Brigit came to represent Irish identity in a general manner. She was therefore popular among Irish clerics who travelled abroad. The spread of her cult across Europe was facilitated by two factors: Within the theology of the early Irish church the ideal of exile for one's homeland in the name of God had a strong place. Many clerics sailed across unfamiliar seas to spread faith and learning abroad. Secondly, Ireland was a famous in the early Middle Ages as a training ground for scholars, which meant that monks from Ireland obtained patronage in the highest circles on the Continent and there were numerous Schottenkloster or religious foundations for Gaelic monks. Devotional poems to Brigid have survived from medieval Rheims and Rome, and St Brigid is still commemorated at sites like Santa Brigida in Tuscany.
Brigit in Britain
A little less exotically, the cult of St Brigit also spread in Britain. These dedications cluster in South-western Scotland, as represented by 'Kilbride' and 'Kirkbride' place names. There is an outlier of the latter group near Allerdale. 'Kirkbride' placenames are an interesting mix of Norse and Gaelic language- the word 'kirk' is taken from 'kirkja' the Norse word for a church. 'Bride' is taken from Gaelic 'Brighid'. The word order is also Celtic ('Church-Brigit's' rather than 'Brigit's-Church'). Bridekirk (where we are) seems to be an earlier name- the word order is Germanic and the second element 'kirk' may be taken from Old English 'cirice', suggesting that Brigit's cult was established here in the Anglo-Saxon era. Nevertheless the evident enthusiasm of Gaelic-Scandinavian settlers for the cult of St Brigit in around the Solway region may have given new impetus to the cult of Brigit at Bridekirk during the Viking Age. This seems an ironic image - vikings who were famous for sacking churches later became patrons for Irish saints abroad, but the evidence is compelling. Another example is the cult of the alleged Irish princess Bega at St Bees. Viking influence along the West Cumbrian coastal strip can be seen in sculpture, including the Gosforth Cross. Also the beautiful Romanesque font at Bridekirk includes an inscription in Norse runes, indicating a lingering Scandinavian influence in the region.

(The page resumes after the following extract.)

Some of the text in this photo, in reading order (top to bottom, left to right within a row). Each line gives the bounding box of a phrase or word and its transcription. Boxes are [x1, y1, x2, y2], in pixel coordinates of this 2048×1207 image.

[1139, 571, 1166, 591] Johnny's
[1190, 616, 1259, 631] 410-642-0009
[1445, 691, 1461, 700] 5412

In examining St Brigid, the thing which is most striking about her cult is its ability to fit a range of different situations. Her cult is as bridge between Britain, Ireland and the Continent; Pagans and Christians; Catholic, Protestant and Eastern Orthodox denominations. Her cult has been promoted in the interests of different groups, including pacifists and feminists. She is presented as a mediator between those who hold power and those who do not. Nevertheless the real Brigit remains something of a mystery. Perhaps the question should be therefore, not 'Who was St Brigit' but rather 'What does she represent'?
A sincere thank you to Isobel and Martyn for their generous hospitality and for the invitation to speak; also, many thanks to those who came and listened, especially for their questions and comments. I really enjoyed my visit!